Opera in Changing Times
Photo Credit: Courtesy of Ross Crean
In 1787 Mozart introduced the world to Don Giovanni, a libertine and braggart, who spoke of his many conquests with pride particularly in the “catalogue” song in which he numbers his lady loves.
“640 women and girls in Italy, 231 in Germany, 100 in France, 91 in Turkey, but in Spain, 1,003” to be precise.
Luckily for audiences - spoiler alert - the finale includes Don Giovanni’s demise. Unluckily for those he wronged, the story is over.
Enter Ross Crean and Aiden K. Feltkamp. A composer and librettist duo who are giving the wronged Donna Anna and Donna Elvira the last word in their sequel to Don Giovanni.
“In the past all we’ve done is gloss over the fact that Don Giovanni makes many wrongs,” says Crean. “I feel like in The Times Are Nightfall we start to see the outcome of his immoral actions towards several people in the opera.”

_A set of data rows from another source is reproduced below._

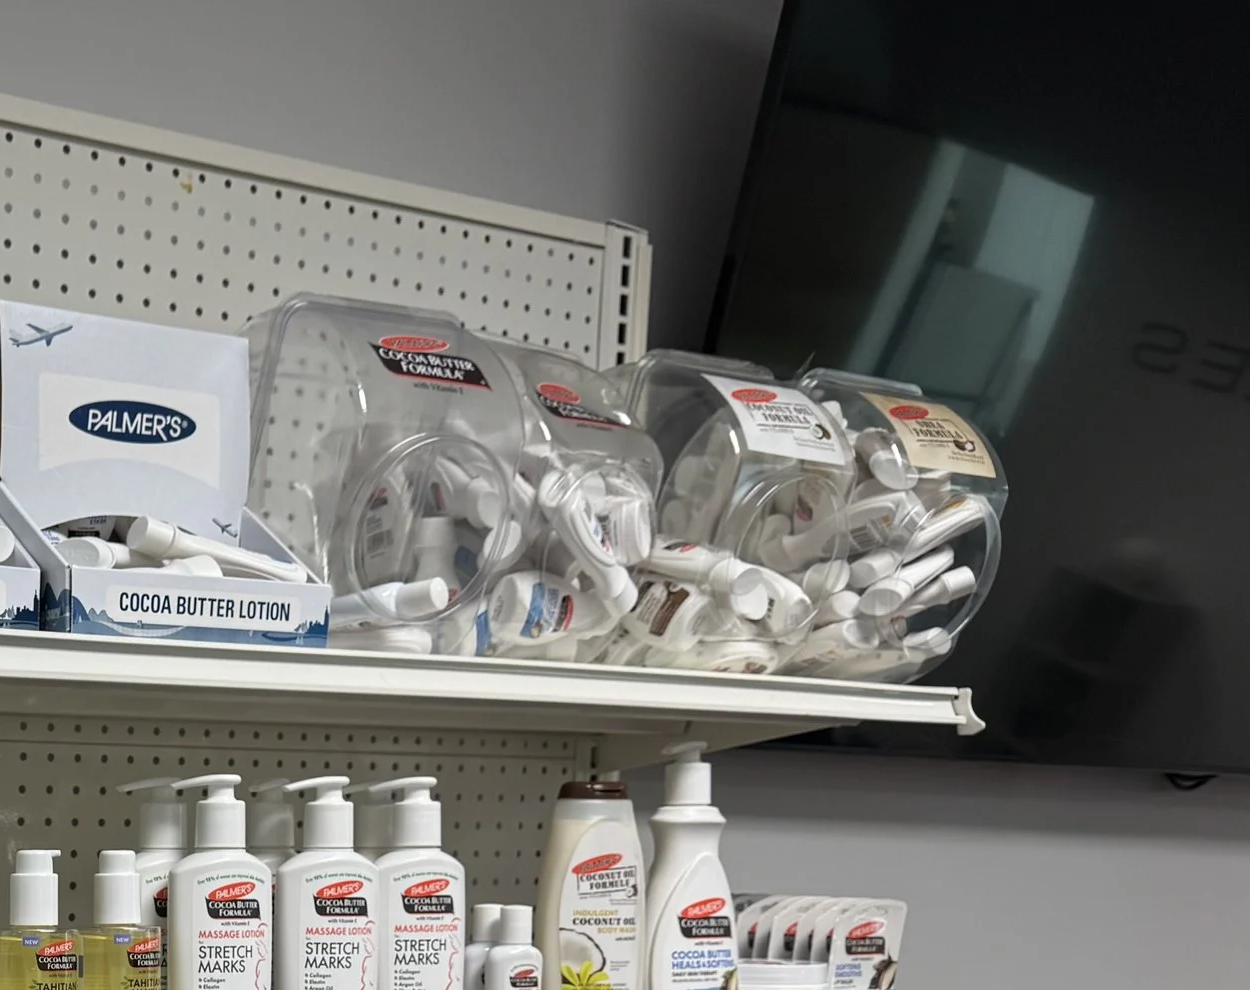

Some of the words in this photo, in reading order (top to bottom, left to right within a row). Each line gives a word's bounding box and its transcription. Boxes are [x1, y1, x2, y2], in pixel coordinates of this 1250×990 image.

[379, 349, 425, 365] COCOA
[426, 356, 474, 371] BUTTER
[400, 362, 460, 380] FORMULA
[87, 408, 182, 442] PALMER'S
[913, 428, 963, 440] FORMULA
[119, 591, 171, 615] COCOA
[176, 595, 235, 619] BUTTER
[239, 598, 290, 622] LOTION
[216, 884, 252, 899] PALMER'S
[209, 901, 235, 909] COCOA
[199, 930, 240, 938] MASSAGE
[242, 929, 264, 937] LOTION
[306, 927, 347, 935] MASSAGE
[348, 927, 372, 935] LOTION
[436, 924, 458, 932] LOTION
[306, 942, 359, 954] STRETCH
[395, 939, 446, 952] STRETCH
[199, 946, 253, 958] STRETCH
[672, 951, 705, 959] COCOA
[708, 950, 731, 958] BUTTER
[305, 956, 351, 969] MARKS
[394, 953, 439, 965] MARKS
[198, 960, 245, 973] MARKS

In The Times Are Nightfall the events following Don Giovanni’s downfall are told from Anna’s perspective. Anna has a lot of healing to do in this sequel as she mourns both her father’s murder and her violation both of which were done by Don Giovanni.
#MeToo is definitely a theme throughout as we look at how these events affect the women and the aftermath of that, Crean says.
“It’s going to be a remarkable event,” notes director Amy Hutchison in a release. “The Times Are Nightfall is a compelling and beautiful micro opera, though there is nothing small about the rich characters and gorgeous melody throughout. You will experience all of the passion and power of opera up close, in a fabulously intimate space. Ross Crean has created in this sequel perhaps the first #MeToo opera.”
The Times Are Nightfall is making its Chicago premiere for just one weekend on August 17 and 18 in an engagement in the Buena Theater at the Pride Arts Center. Before the operetta comes a cabaret of LGBTQ+ musical works.
Feltkamp and Crean’s piece debuted on July 1 at the National Opera Center in New York City.
While the world of opera is changing all over, it’s changing at a different pace in different places. For Crean bringing a piece like The Times Are Nightfall from New York to Chicago, his home city, is a means of motivating that change.
“We see the landscape changing greatly in performances going on in New York,” Crean says. “In Chicago we are starting to make strides when it comes to contemporary opera performance and creation. I find it as my duty to help continue to broaden that landscape here.”
Crean’s duty does not stop there, however, as he also strides to show performance lovers that there is multiplicity to be found in all types of performance.
What people experienced in opera in the past is not “the be all and end all” of what is out there. There is so much more being done to expand and change the narrative, explains Crean.
Aside from new works being created it is also important to evaluate classical work. More importantly to examine it with a critical lens and not just accept what has been taught.
“There is an Aria in Don Giovanni that is called "The Catalogue Aria" where one of Don Giovanni lists all the women he has vetted. Even when I was in college we saw it as a comedic aria. We were told that it was a comedic aria. We are taught it is a funny presentation. But we look at it now and we see it is a list of all the women that he has used and the innuendo we get is that he has violated and left once he has slept with them.”
Whether or not other new operas will be born out of older pieces with problematic characters remains to be seen, but it is important to see the stories and the characters for what they are regardless of their age or position in the performance canon.
Even in the recent past this kind of toxic culture has been seen as something to be joked about or not taken seriously which isn’t okay and shouldn’t be tolerated, Crean says.
Crean adds, “I think in opera and theater in general all around we are starting to see a lot of past works as something that needs to be reevaluated and we are starting to make good progress.”
Ross Crean Presents: A Queer Engagement - An LGBTQ+ Cabaret and Opera Premiere, August 17 and 18th at 8 p.m. at Pride Arts Center - Buena Theater (4147 N Broadway). Tickets are $15 and available at eventbrite.com.